[Task item] The result should be an exact copy of the data, free of pictures.

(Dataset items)
=====

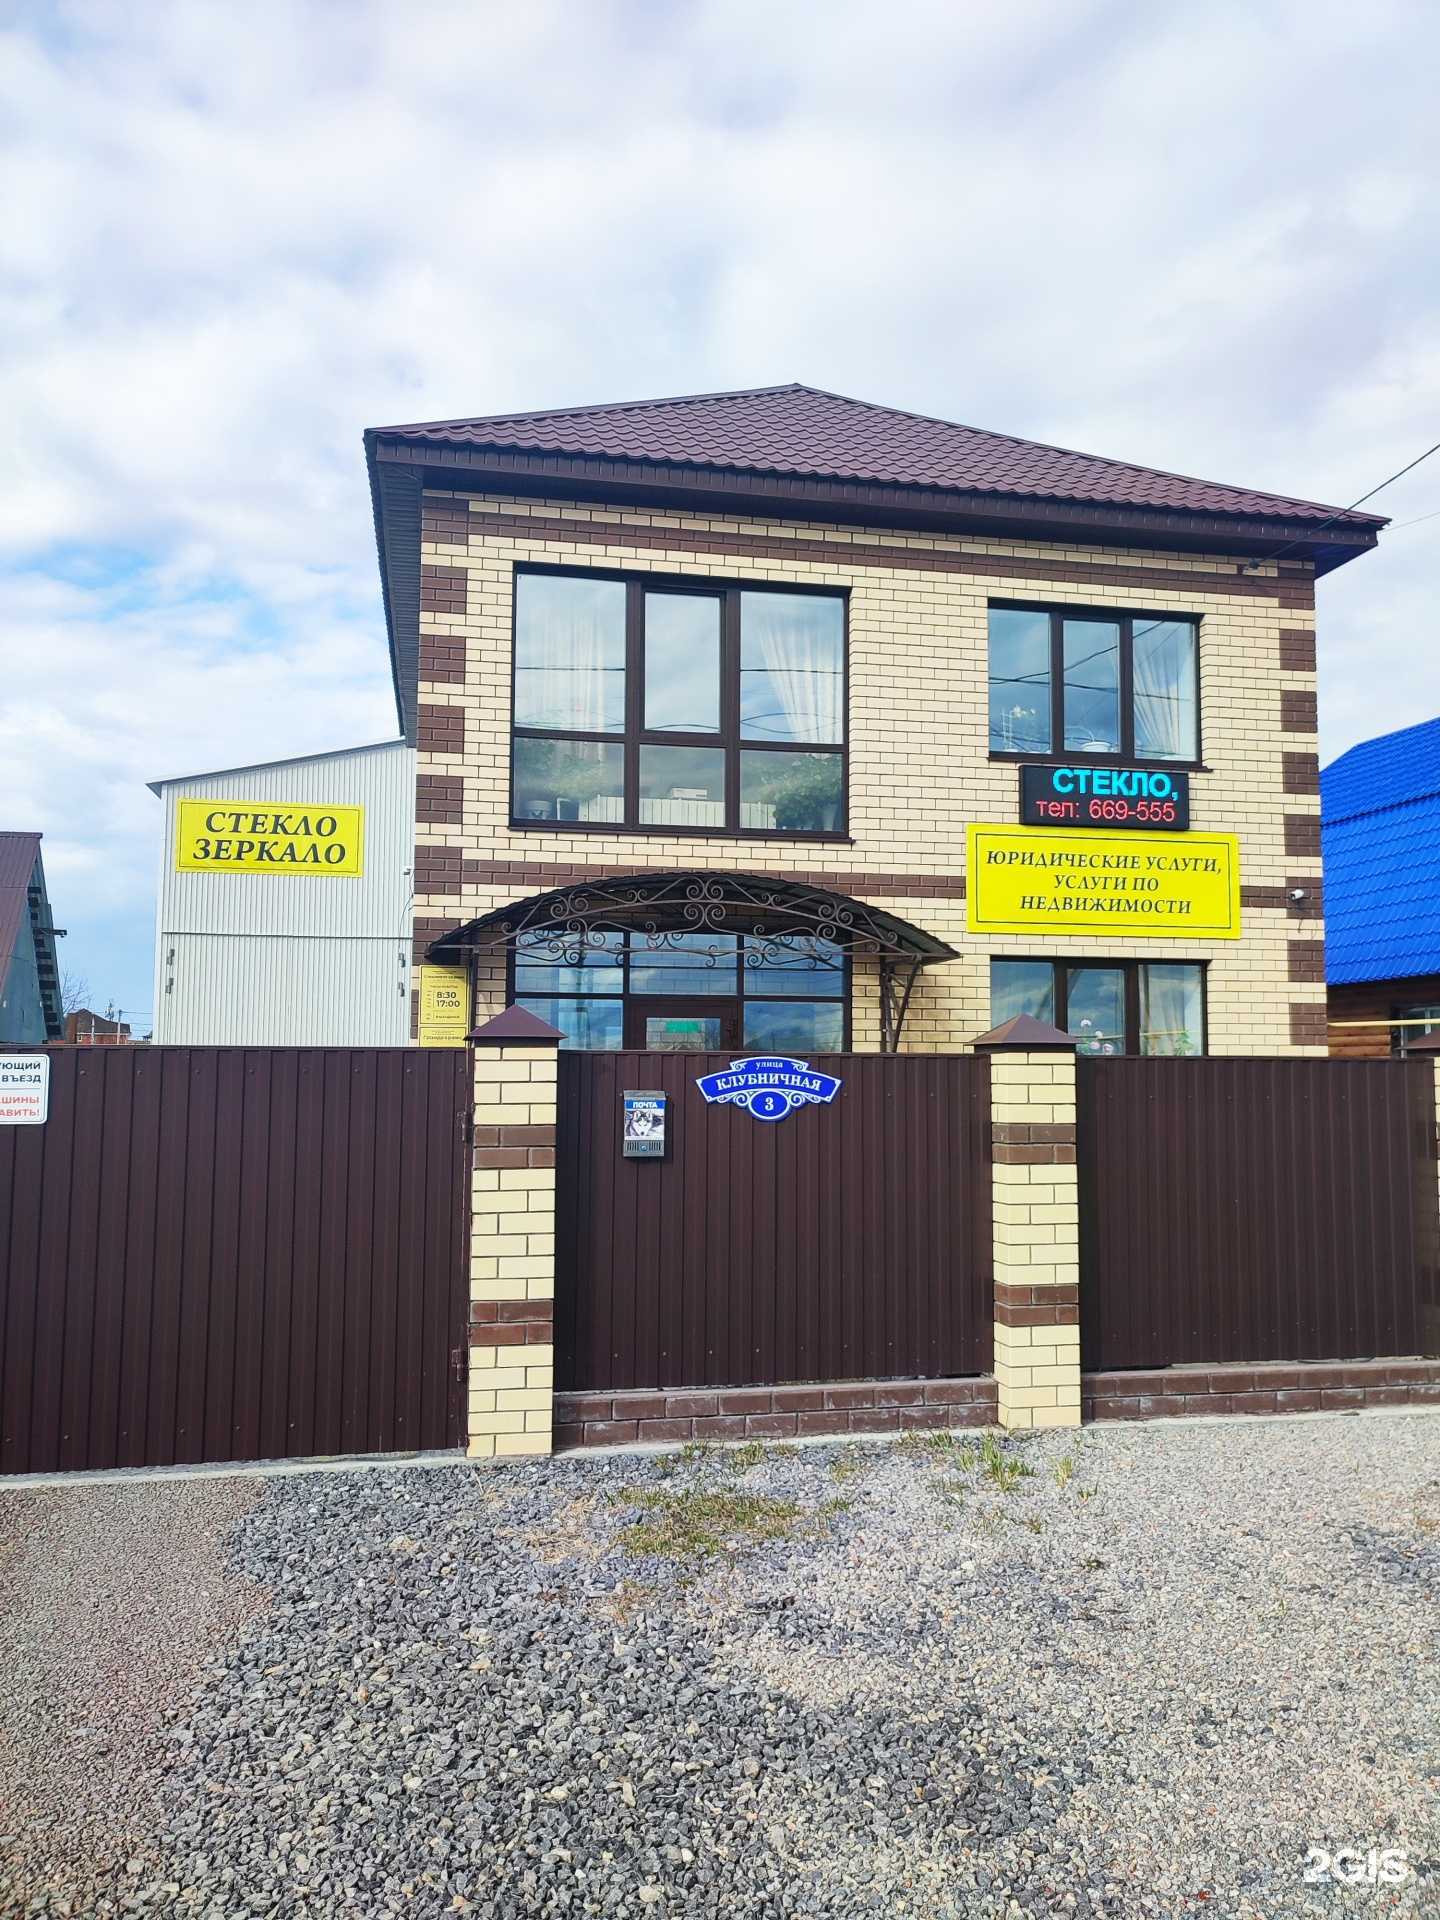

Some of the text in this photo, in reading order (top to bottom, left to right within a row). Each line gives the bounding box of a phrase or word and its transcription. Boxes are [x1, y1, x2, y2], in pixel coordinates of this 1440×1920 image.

[1053, 769, 1179, 801] СТЕКЛО,
[1036, 799, 1176, 822] тел: 669-555
[205, 811, 337, 837] СТЕКЛО
[192, 838, 346, 865] ЗЕРКАЛО
[985, 850, 1222, 874] ЮРИДИЧЕСКИЕ УСЛУГИ,
[1053, 874, 1159, 892] УСЛУГИ ПО
[1019, 895, 1192, 914] НЕДВИЖИМОСТИ
[436, 991, 457, 999] 8:30
[436, 1000, 460, 1008] 17:00
[0, 1061, 41, 1071] ЮЩИЙ
[755, 1061, 784, 1070] улица
[1, 1074, 41, 1083] ВЪЕЗД
[716, 1073, 822, 1091] КЛУБНИЧНАЯ
[0, 1096, 40, 1104] ШИНЫ
[632, 1101, 658, 1109] ПОЧТА
[764, 1097, 774, 1111] 3
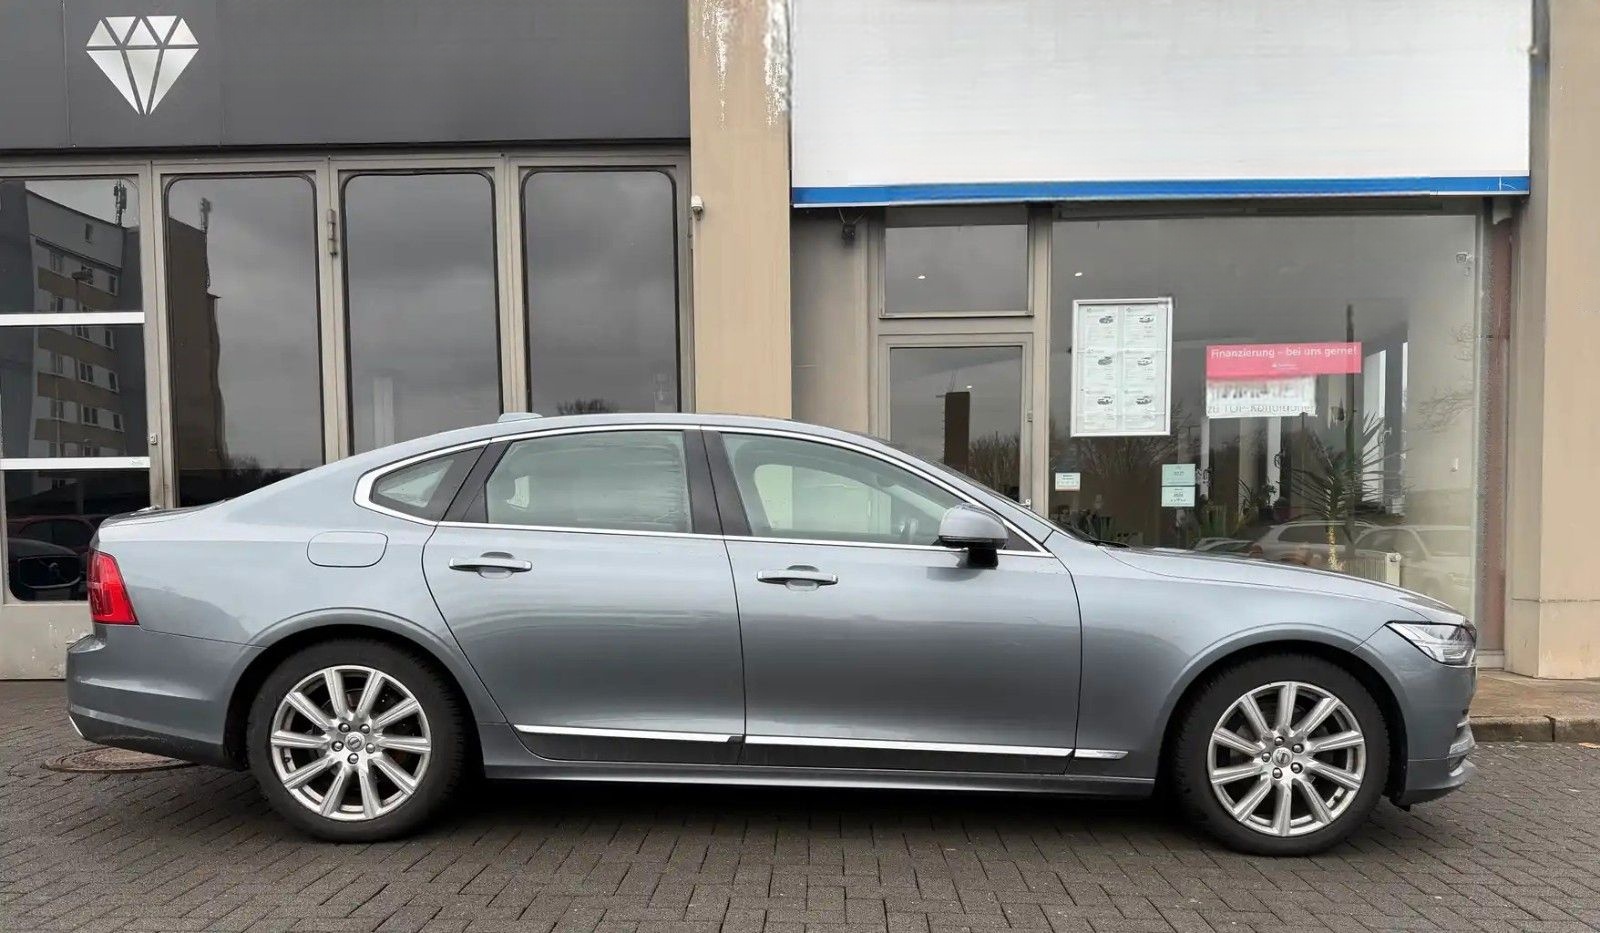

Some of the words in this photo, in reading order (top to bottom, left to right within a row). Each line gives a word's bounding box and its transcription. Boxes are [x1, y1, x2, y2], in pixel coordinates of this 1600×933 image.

[1211, 347, 1275, 359] Finanzierung
[1286, 346, 1300, 356] bei
[1303, 347, 1322, 356] uns
[1324, 345, 1357, 358] gerne!
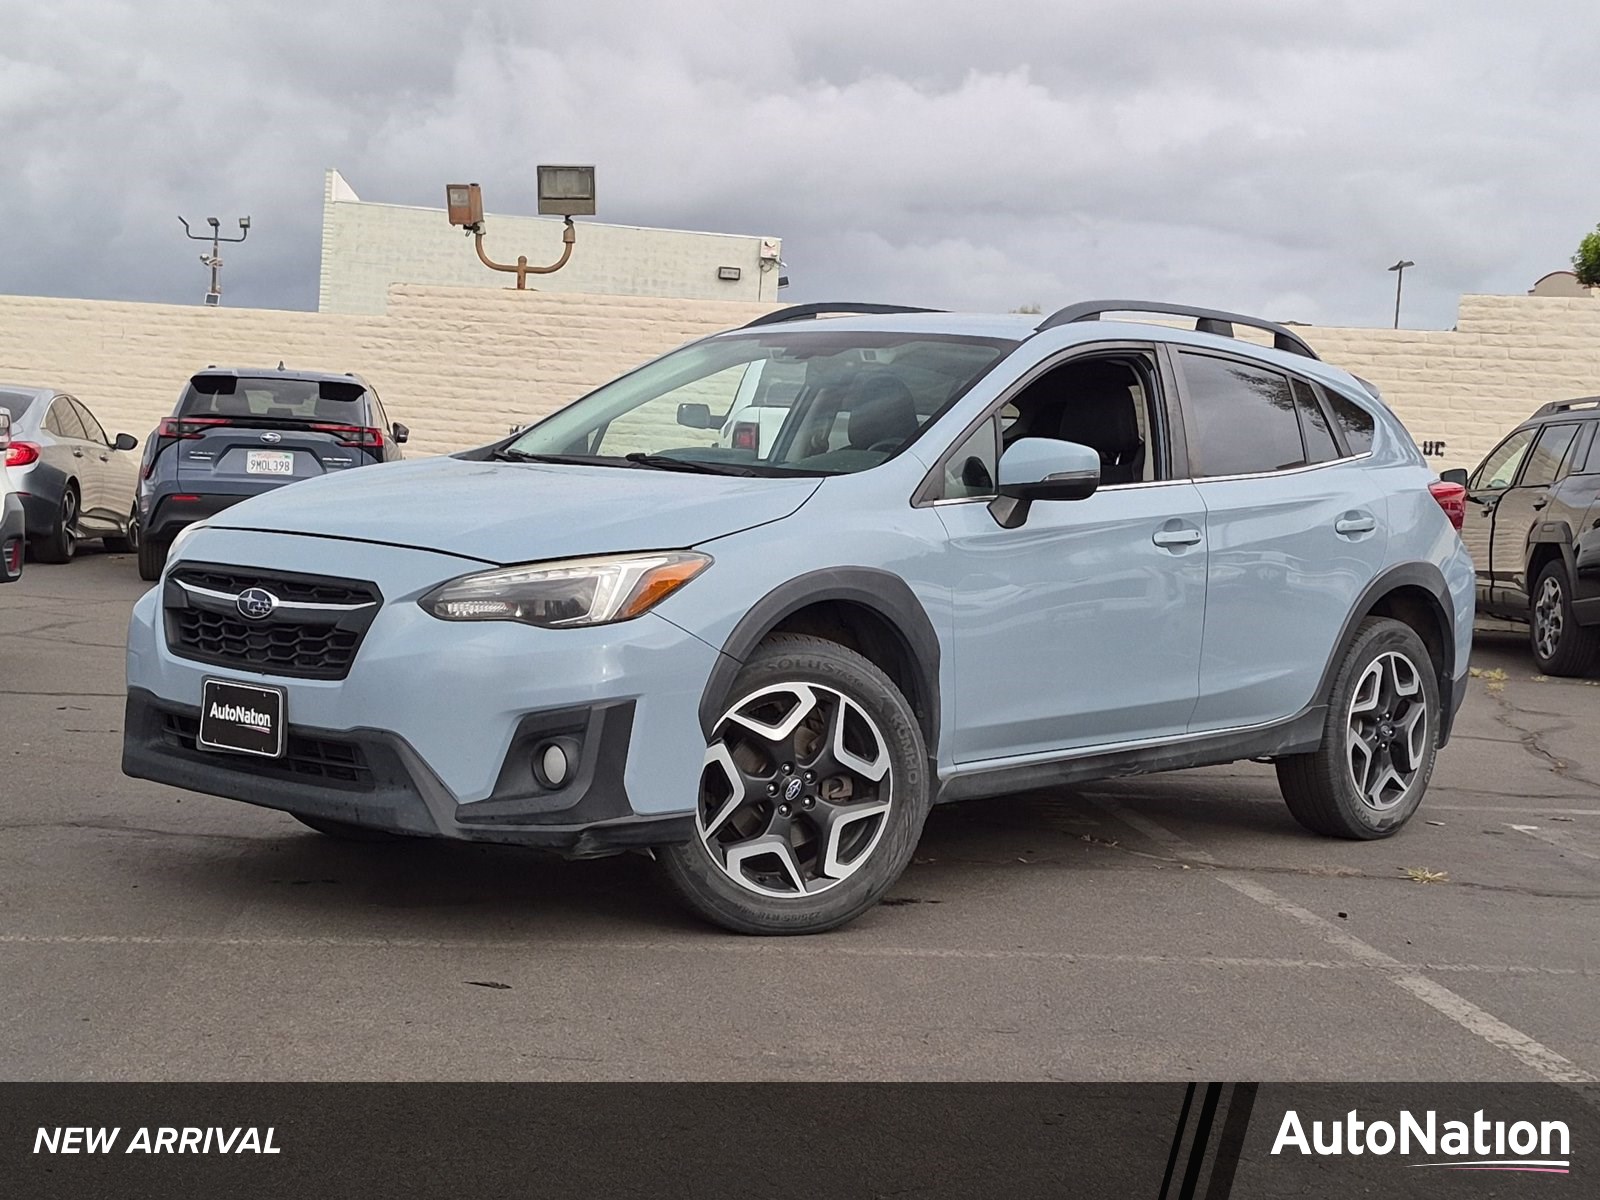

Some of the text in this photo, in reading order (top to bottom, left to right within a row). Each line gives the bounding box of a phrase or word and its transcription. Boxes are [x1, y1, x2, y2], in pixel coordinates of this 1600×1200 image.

=====

[Response below]
Some of the text in this photo, in reading order (top to bottom, left to right within a row). Each line gives the bounding box of a phrase or word and its transcription. Boxes are [x1, y1, x2, y2], in pixel coordinates of this 1440×1920 image.

[1053, 769, 1179, 801] СТЕКЛО,
[1036, 799, 1176, 822] тел: 669-555
[205, 811, 337, 837] СТЕКЛО
[192, 838, 346, 865] ЗЕРКАЛО
[985, 850, 1222, 874] ЮРИДИЧЕСКИЕ УСЛУГИ,
[1053, 874, 1159, 892] УСЛУГИ ПО
[1019, 895, 1192, 914] НЕДВИЖИМОСТИ
[436, 991, 457, 999] 8:30
[436, 1000, 460, 1008] 17:00
[0, 1061, 41, 1071] ЮЩИЙ
[755, 1061, 784, 1070] улица
[1, 1074, 41, 1083] ВЪЕЗД
[716, 1073, 822, 1091] КЛУБНИЧНАЯ
[0, 1096, 40, 1104] ШИНЫ
[632, 1101, 658, 1109] ПОЧТА
[764, 1097, 774, 1111] 3

Some of the words in this photo, in reading order (top to bottom, left to right within a row). Each line gives a word's bounding box and its transcription. Boxes are [x1, y1, x2, y2], in pixel coordinates of this 1600×933 image.

[1211, 347, 1275, 359] Finanzierung
[1286, 346, 1300, 356] bei
[1303, 347, 1322, 356] uns
[1324, 345, 1357, 358] gerne!

Some of the text in this photo, in reading order (top to bottom, left to right within a row). Each line gives the bounding box of a phrase or word and its transcription. Boxes are [x1, y1, x2, y2], in pixel coordinates of this 1600×1200 image.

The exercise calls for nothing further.